Portrait of Peggy Terry, organizer with JOIN Community Union / credit: All Power to the People, p. 30; photo by bannedlibrarian
Portrait of Peggy Terry, organizer with JOIN Community Union / credit: All Power to the People, p. 30; photo by bannedlibrarian

The account of Peggy Terry’s radicalization also serves to highlight the leading role poor whites can play in forging radical multiracial alliances. Terry was one of JOIN’s most prominent members and would later embark on a nationwide vice-presidential campaign.

Later in chapters two and three, the Young Patriots and Rising Up Angry—both formed largely by members of JOIN shortly after its dissolution—would emerge on the scene to build upon the tradition of poor white radical organizing in Chicago. Perhaps, most famously of all, the Young Patriots, comprised of “dislocated hillbillies” (p. 64), would go on to form the first-of-its-kind Rainbow Coalition led by Fred Hampton and Bob Lee of the Black Panther Party, along with the mainly Latinx-led Young Lords, in an attempt to consolidate their class struggle.

Launched later in 1969, Rising Up Angry was similarly formed to revive a culture of radicalism in white working-class communities. Like with the previous groups, Rising Up Angry’s formation was not easy. The organizers encountered internal contradictions and struggles regarding racism, sexism and class-divides in their communities.
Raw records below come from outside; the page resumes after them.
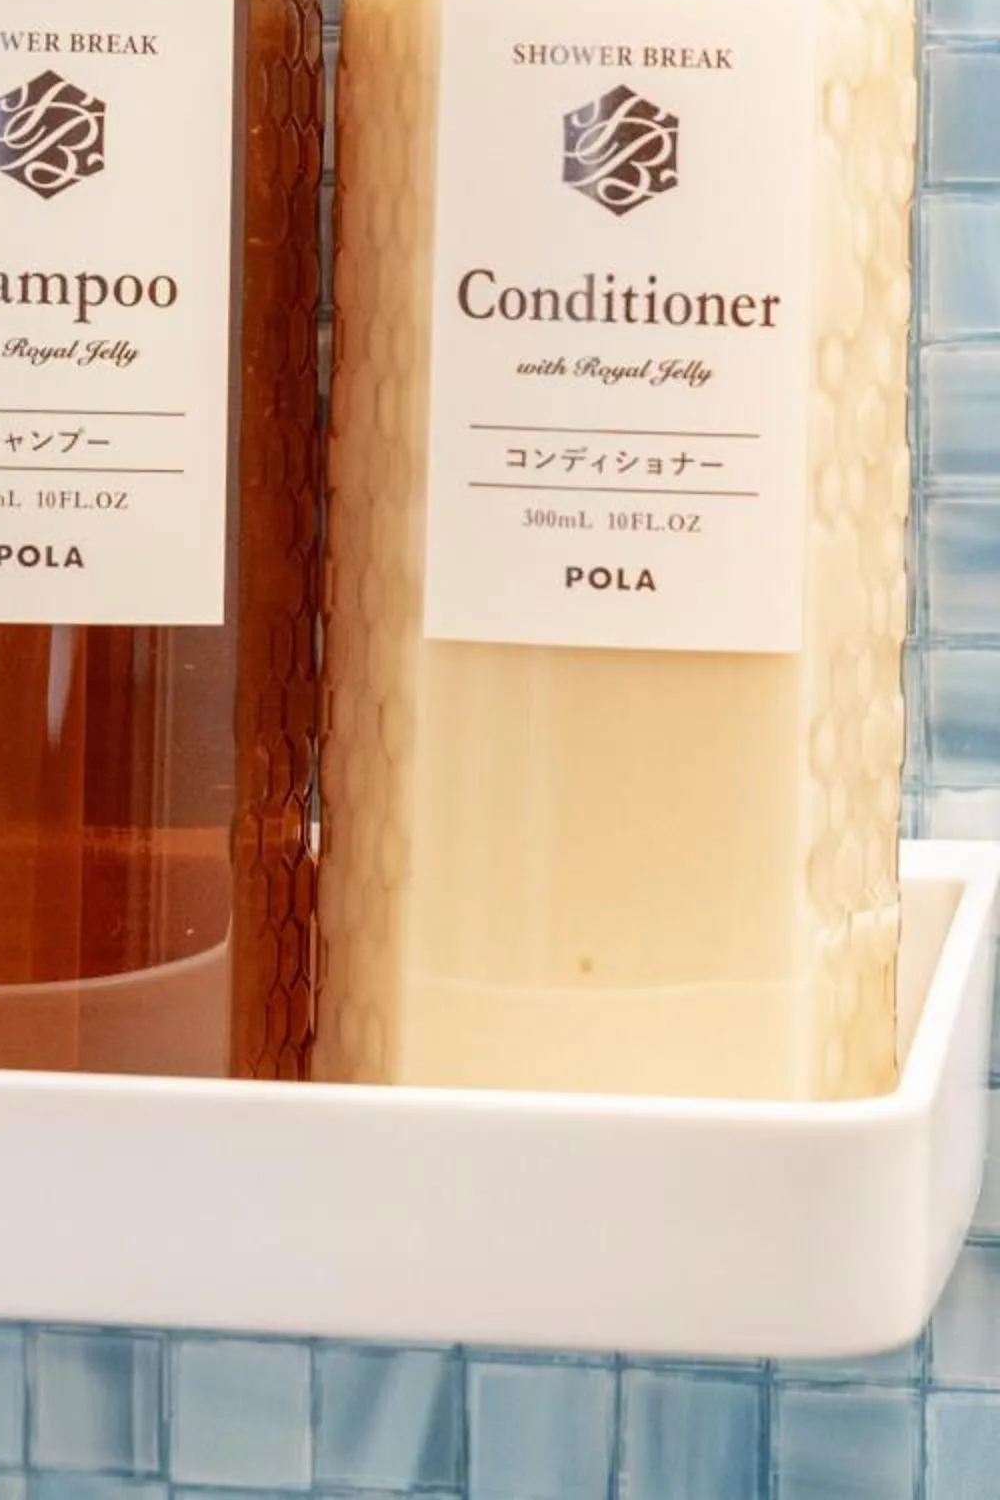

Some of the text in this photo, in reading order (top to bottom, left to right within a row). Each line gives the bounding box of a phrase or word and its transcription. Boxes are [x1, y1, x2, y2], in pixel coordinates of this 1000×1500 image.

[70, 33, 158, 55] BREAK
[513, 44, 731, 69] SHOWER BREAK
[457, 269, 780, 327] Conditioner
[2, 338, 77, 365] Royal
[77, 340, 138, 367] Jelly
[516, 356, 712, 387] with Royal Jelly
[506, 446, 724, 476] コンディショナー
[522, 508, 593, 529] 300mL
[565, 566, 656, 591] POLA
However, Sonnie and Tracy do well to show how Rising Up Angry especially made strides through co-leadership initiatives, women’s groups and internal criticism toward an intersectional politics committed to doing more than treat these serious issues as mere “add-ons” (p. 129).

Front cover of White Lightening's newspaper
Front cover of White Lightning’s newspaper

The final chapter takes the reader east to Philadelphia and New York, where the October 4th Organization and White Lightning operated respectively throughout the 1970s. During a period of immense right-wing backlash to leftist organizing, and against even greater odds, these groups carried on the legacies of radical groups prior. By further situating their struggles and conditions within the broader context of global capitalism and imperialism, it took only a small, dedicated cadre to usher in “the kind of personal–political transformations that ultimately sustain people as lifelong radicals” within their largely white working-class immigrant communities (p. 181).

This crucial history of radical organizing that Sonnie and Tracy uncover shows it will take “both patience and diligence” to make progress in poor white communities (p. 71). The authors make it clear the radicalization will not occur overnight. 

However, this does not mean the authors are not optimistic. The way they vividly write about the groups and individuals spotlighted throughout their book does much to inspire a radical hope for the future of organizing in today’s poor white communities. When liberals like Daniel Miller mistake white supremacists and fascists for white “radicals,” they are mislabeling those on the far-right today. As Sonnie and Tracy remind us, that only seeks to uphold the United States’ legacy of racism and colonization. 

Hillbilly Nationalists, Urban Race Rebels, and Black Power uncovers the long-hidden and oft-forgotten history of poor white radical organizing on the Left during the 1960s and ‘70s. As the reader makes their way through this revelatory book, it is clear Sonnie and Tracy not only have made an important scholarly contribution, which builds upon the radical histories uncovered by those before—like W.E.B. Du Bois, Howard Zinn and Robin D.G. Kelley. More importantly, the authors have provided a valuable tool for radical working-class and poor white people organizing in the U.S. Left today.

Patterson Deppen serves on the editorial board at E-International Relations, where he is editor for student essays. He is a member of the Black Alliance for Peace Solidarity Network and the Overseas Base Realignment and Closure Coalition (OBRACC). His writing has appeared in TomDispatch, The Nation, The Progressive, E-International Relations and other outlets.